Août 1949 : au-delà de Ferhat Ali

Pour des décennies, primauté de la violence sur le débat (II)

Pourquoi ce silence public des dirigeants MTLD autour du grave incident et des données réelles du contentieux, alors qu’en sous-main et dans les appareils internes, les calomnies se déchaînaient, multipliant les invectives, les accusations virulentes de complot séparatiste anti-arabe, anti-islamique etc. ?

La démagogie autoritaire contre le mûrissement politique

Quelles étaient les motivations inavouées de certaines composantes de la direction et les raisons pour lesquelles d’autres composantes dans le parti et la société se sont montrées passives ou vulnérables à l’escamotage d’un problème national et démocratique de premier plan ?

Pour mieux le comprendre, il faudrait remonter à longtemps avant l’évènement malheureux du 18 août, aux raisons plus générales qui ont alimenté la dégradation politique interne et qui remontent à plusieurs années Je les évoquerai dans leurs manifestations des mois précédents. Elles déboucheront sur des implications plus concrètes dans les semaines qui ont précédé l’évènement.
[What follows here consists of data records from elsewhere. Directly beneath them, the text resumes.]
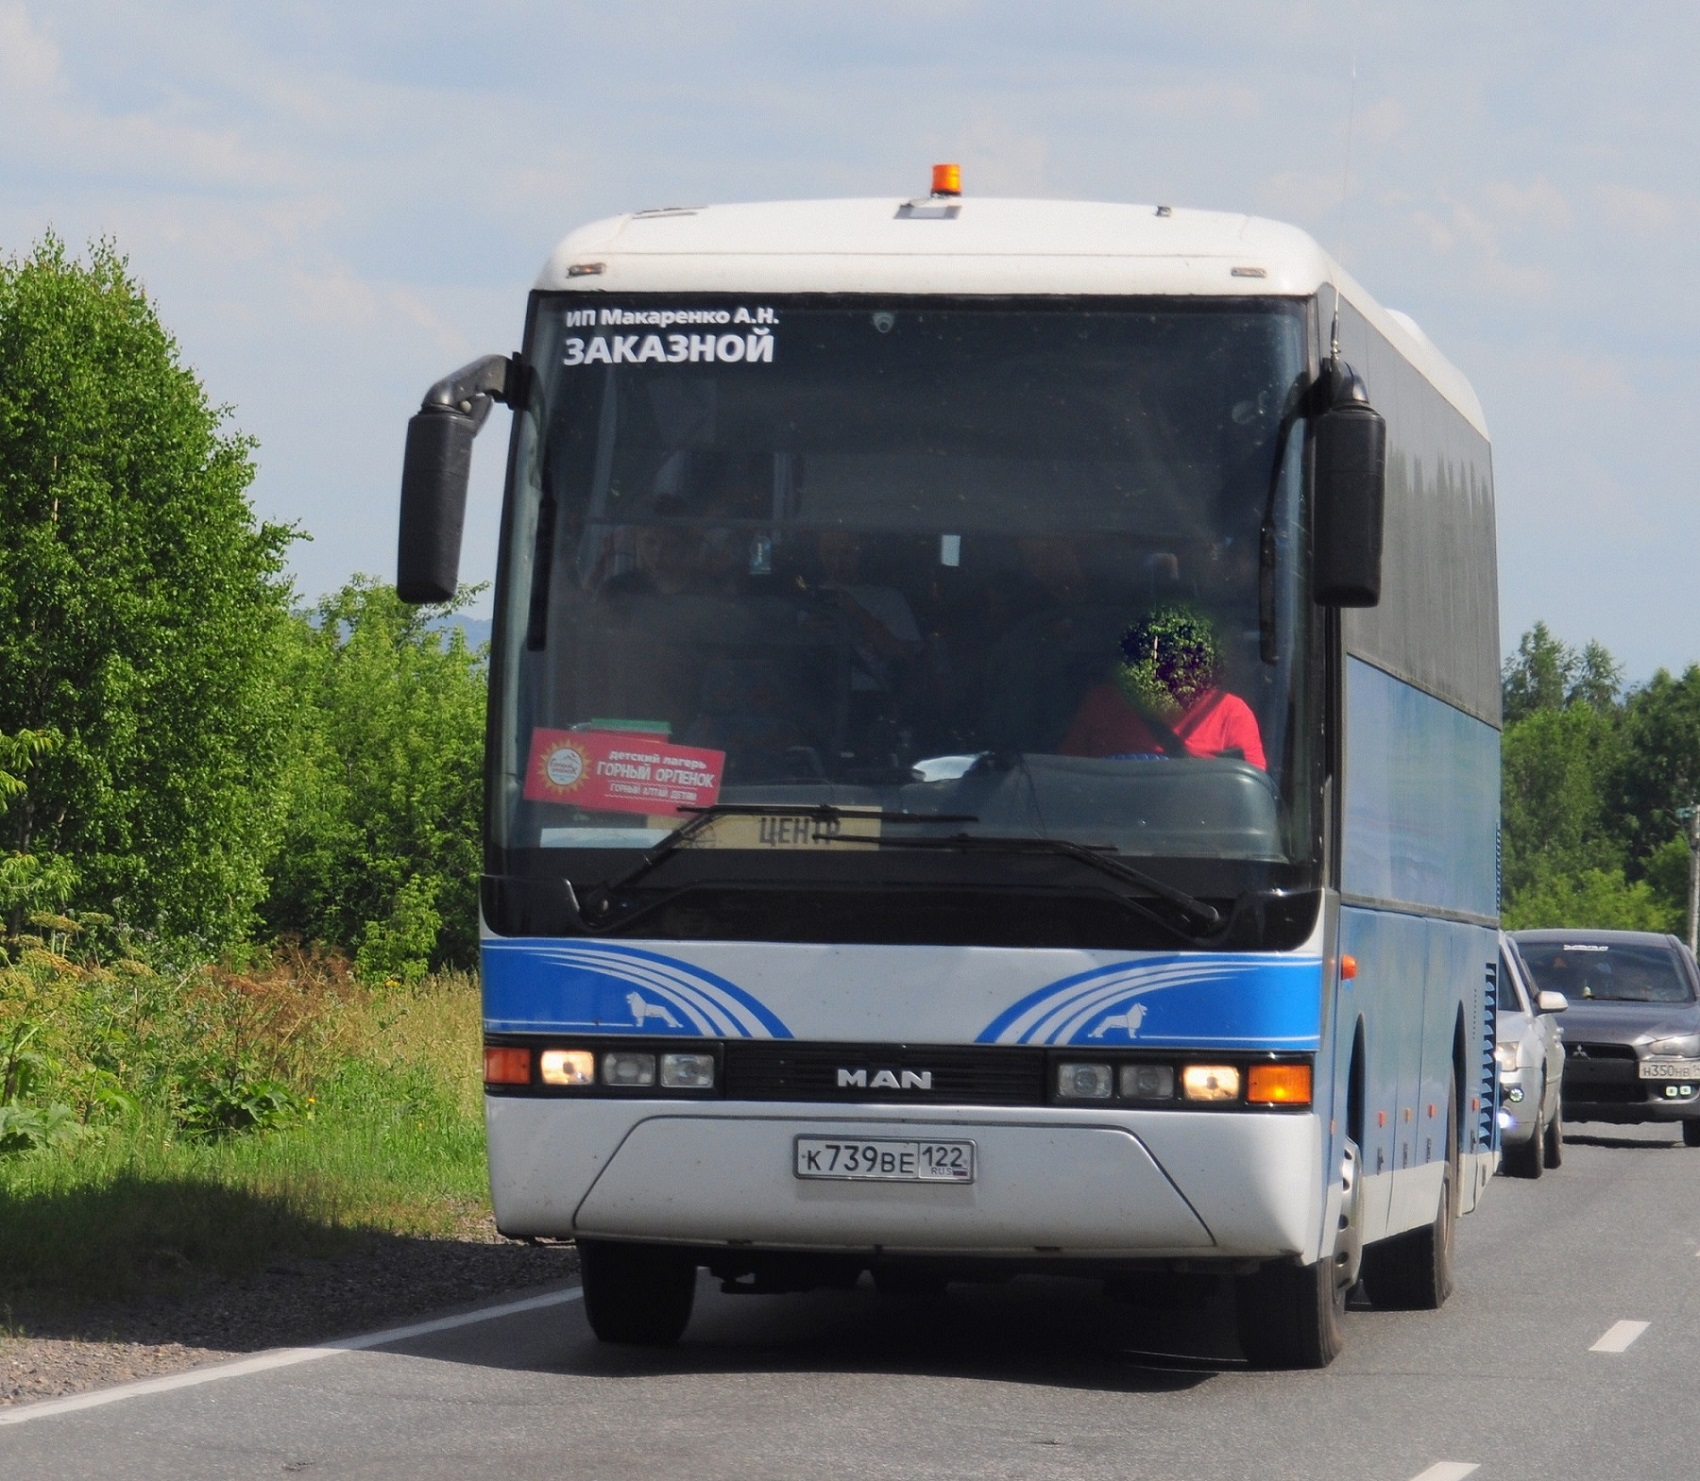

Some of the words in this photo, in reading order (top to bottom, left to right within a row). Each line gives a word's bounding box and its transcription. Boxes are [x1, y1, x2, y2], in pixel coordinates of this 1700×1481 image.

[565, 309, 597, 328] ИП
[600, 308, 731, 328] Макаренко
[733, 307, 780, 325] А.Н.
[562, 327, 775, 366] ЗАКАЗНОЙ
[608, 750, 661, 764] детский
[596, 761, 651, 781] ГОРНЫЙ
[837, 1068, 932, 1090] MAN
[931, 1167, 953, 1176] RUS
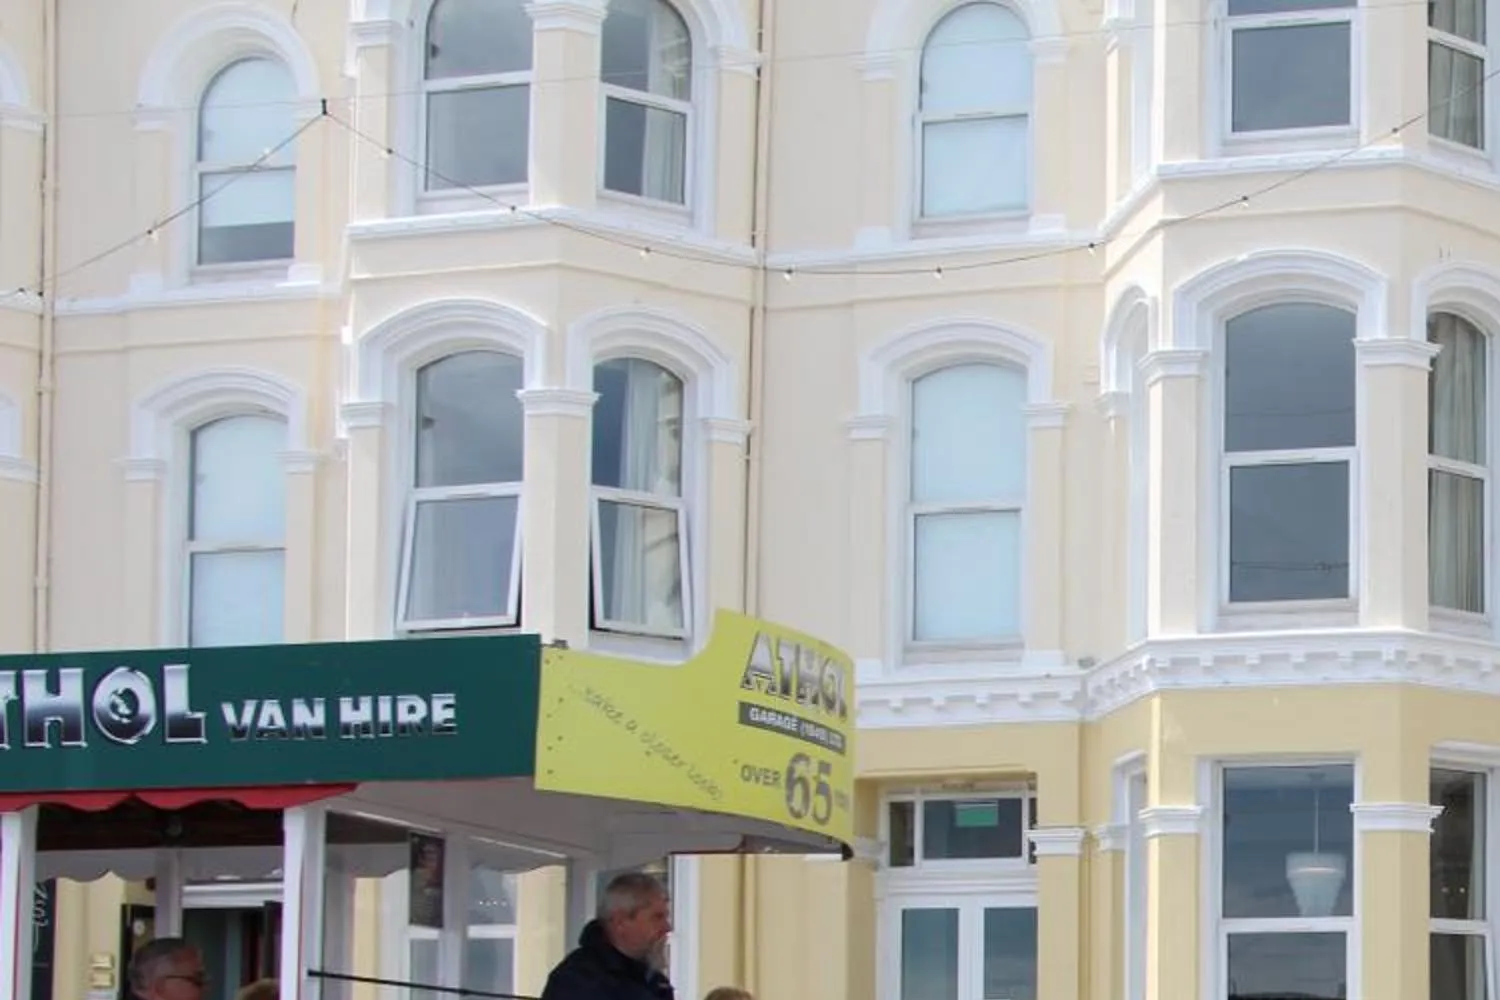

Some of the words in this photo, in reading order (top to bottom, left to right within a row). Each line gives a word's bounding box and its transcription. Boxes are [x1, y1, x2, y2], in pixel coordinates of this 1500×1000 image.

Les raisons générales, c’est le pourrissement des pratiques politiques illustré au niveau de la direction par le choix des solutions autoritaires, en lieu et place d’un travail sérieux d’élaboration et de formation politique. Vaste question, qui aurait mérité une étude à part. Je précise que quand je parle de direction, j’entends par là ceux qui étaient en situation de prendre à ce moment-là des décisions opérationnelles. Car au sein des acteurs qui se coalisaient ou s’opposaient au sein de la direction, il y avait une grande hétérogénéité et même une conflictualité aussi bien dans leurs inclinations politiques et idéologiques, que dans leurs motivations conjoncturelles.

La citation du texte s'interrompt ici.